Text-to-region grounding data
=== Begin Enclosure ===

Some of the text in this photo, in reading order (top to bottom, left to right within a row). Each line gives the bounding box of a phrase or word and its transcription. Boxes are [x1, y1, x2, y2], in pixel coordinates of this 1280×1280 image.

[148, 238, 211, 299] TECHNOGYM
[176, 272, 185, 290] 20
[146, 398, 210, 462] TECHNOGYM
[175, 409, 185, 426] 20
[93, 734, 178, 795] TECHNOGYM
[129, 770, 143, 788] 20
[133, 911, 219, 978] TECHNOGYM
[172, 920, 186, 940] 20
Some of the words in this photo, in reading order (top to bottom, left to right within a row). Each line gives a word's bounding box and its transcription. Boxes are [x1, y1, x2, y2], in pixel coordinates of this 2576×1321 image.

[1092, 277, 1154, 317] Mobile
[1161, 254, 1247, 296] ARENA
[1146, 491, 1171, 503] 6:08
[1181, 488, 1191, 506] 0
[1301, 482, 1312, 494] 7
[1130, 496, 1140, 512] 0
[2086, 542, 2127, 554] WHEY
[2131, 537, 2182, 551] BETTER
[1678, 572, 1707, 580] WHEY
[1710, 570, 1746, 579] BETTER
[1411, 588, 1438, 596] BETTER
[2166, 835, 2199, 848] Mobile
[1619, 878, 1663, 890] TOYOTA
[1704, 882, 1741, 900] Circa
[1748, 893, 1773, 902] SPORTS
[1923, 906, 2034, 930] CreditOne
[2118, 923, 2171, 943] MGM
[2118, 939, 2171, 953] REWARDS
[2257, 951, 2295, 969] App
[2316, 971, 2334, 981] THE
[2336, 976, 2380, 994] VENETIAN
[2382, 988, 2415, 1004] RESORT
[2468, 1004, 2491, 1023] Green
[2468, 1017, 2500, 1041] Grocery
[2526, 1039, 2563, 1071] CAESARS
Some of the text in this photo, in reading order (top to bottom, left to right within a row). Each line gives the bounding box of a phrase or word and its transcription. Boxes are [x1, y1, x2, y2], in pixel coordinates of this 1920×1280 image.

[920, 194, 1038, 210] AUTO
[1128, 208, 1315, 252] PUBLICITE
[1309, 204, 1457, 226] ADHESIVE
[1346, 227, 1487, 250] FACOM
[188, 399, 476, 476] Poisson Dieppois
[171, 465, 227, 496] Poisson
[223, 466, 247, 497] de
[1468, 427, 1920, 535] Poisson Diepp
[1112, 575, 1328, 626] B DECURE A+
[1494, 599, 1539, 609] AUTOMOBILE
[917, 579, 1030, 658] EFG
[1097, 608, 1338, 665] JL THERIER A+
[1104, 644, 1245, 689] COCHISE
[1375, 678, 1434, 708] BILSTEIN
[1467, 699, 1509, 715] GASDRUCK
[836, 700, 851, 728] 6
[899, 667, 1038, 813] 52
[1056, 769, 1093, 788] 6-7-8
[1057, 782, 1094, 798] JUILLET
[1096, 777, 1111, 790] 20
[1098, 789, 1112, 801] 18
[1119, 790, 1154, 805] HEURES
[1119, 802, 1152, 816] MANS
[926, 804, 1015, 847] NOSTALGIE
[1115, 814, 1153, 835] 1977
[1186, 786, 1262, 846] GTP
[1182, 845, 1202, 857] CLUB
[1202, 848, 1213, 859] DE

=== End Enclosure ===

*Problem to work on:* What is needed is a word-for-word copy of all the records above.

*Task response:*
Some of the text in this photo, in reading order (top to bottom, left to right within a row). Each line gives the bounding box of a phrase or word and its transcription. Boxes are [x1, y1, x2, y2], in pixel coordinates of this 1280×1280 image.

[148, 238, 211, 299] TECHNOGYM
[176, 272, 185, 290] 20
[146, 398, 210, 462] TECHNOGYM
[175, 409, 185, 426] 20
[93, 734, 178, 795] TECHNOGYM
[129, 770, 143, 788] 20
[133, 911, 219, 978] TECHNOGYM
[172, 920, 186, 940] 20
Some of the words in this photo, in reading order (top to bottom, left to right within a row). Each line gives a word's bounding box and its transcription. Boxes are [x1, y1, x2, y2], in pixel coordinates of this 2576×1321 image.

[1092, 277, 1154, 317] Mobile
[1161, 254, 1247, 296] ARENA
[1146, 491, 1171, 503] 6:08
[1181, 488, 1191, 506] 0
[1301, 482, 1312, 494] 7
[1130, 496, 1140, 512] 0
[2086, 542, 2127, 554] WHEY
[2131, 537, 2182, 551] BETTER
[1678, 572, 1707, 580] WHEY
[1710, 570, 1746, 579] BETTER
[1411, 588, 1438, 596] BETTER
[2166, 835, 2199, 848] Mobile
[1619, 878, 1663, 890] TOYOTA
[1704, 882, 1741, 900] Circa
[1748, 893, 1773, 902] SPORTS
[1923, 906, 2034, 930] CreditOne
[2118, 923, 2171, 943] MGM
[2118, 939, 2171, 953] REWARDS
[2257, 951, 2295, 969] App
[2316, 971, 2334, 981] THE
[2336, 976, 2380, 994] VENETIAN
[2382, 988, 2415, 1004] RESORT
[2468, 1004, 2491, 1023] Green
[2468, 1017, 2500, 1041] Grocery
[2526, 1039, 2563, 1071] CAESARS
Some of the text in this photo, in reading order (top to bottom, left to right within a row). Each line gives the bounding box of a phrase or word and its transcription. Boxes are [x1, y1, x2, y2], in pixel coordinates of this 1920×1280 image.

[920, 194, 1038, 210] AUTO
[1128, 208, 1315, 252] PUBLICITE
[1309, 204, 1457, 226] ADHESIVE
[1346, 227, 1487, 250] FACOM
[188, 399, 476, 476] Poisson Dieppois
[171, 465, 227, 496] Poisson
[223, 466, 247, 497] de
[1468, 427, 1920, 535] Poisson Diepp
[1112, 575, 1328, 626] B DECURE A+
[1494, 599, 1539, 609] AUTOMOBILE
[917, 579, 1030, 658] EFG
[1097, 608, 1338, 665] JL THERIER A+
[1104, 644, 1245, 689] COCHISE
[1375, 678, 1434, 708] BILSTEIN
[1467, 699, 1509, 715] GASDRUCK
[836, 700, 851, 728] 6
[899, 667, 1038, 813] 52
[1056, 769, 1093, 788] 6-7-8
[1057, 782, 1094, 798] JUILLET
[1096, 777, 1111, 790] 20
[1098, 789, 1112, 801] 18
[1119, 790, 1154, 805] HEURES
[1119, 802, 1152, 816] MANS
[926, 804, 1015, 847] NOSTALGIE
[1115, 814, 1153, 835] 1977
[1186, 786, 1262, 846] GTP
[1182, 845, 1202, 857] CLUB
[1202, 848, 1213, 859] DE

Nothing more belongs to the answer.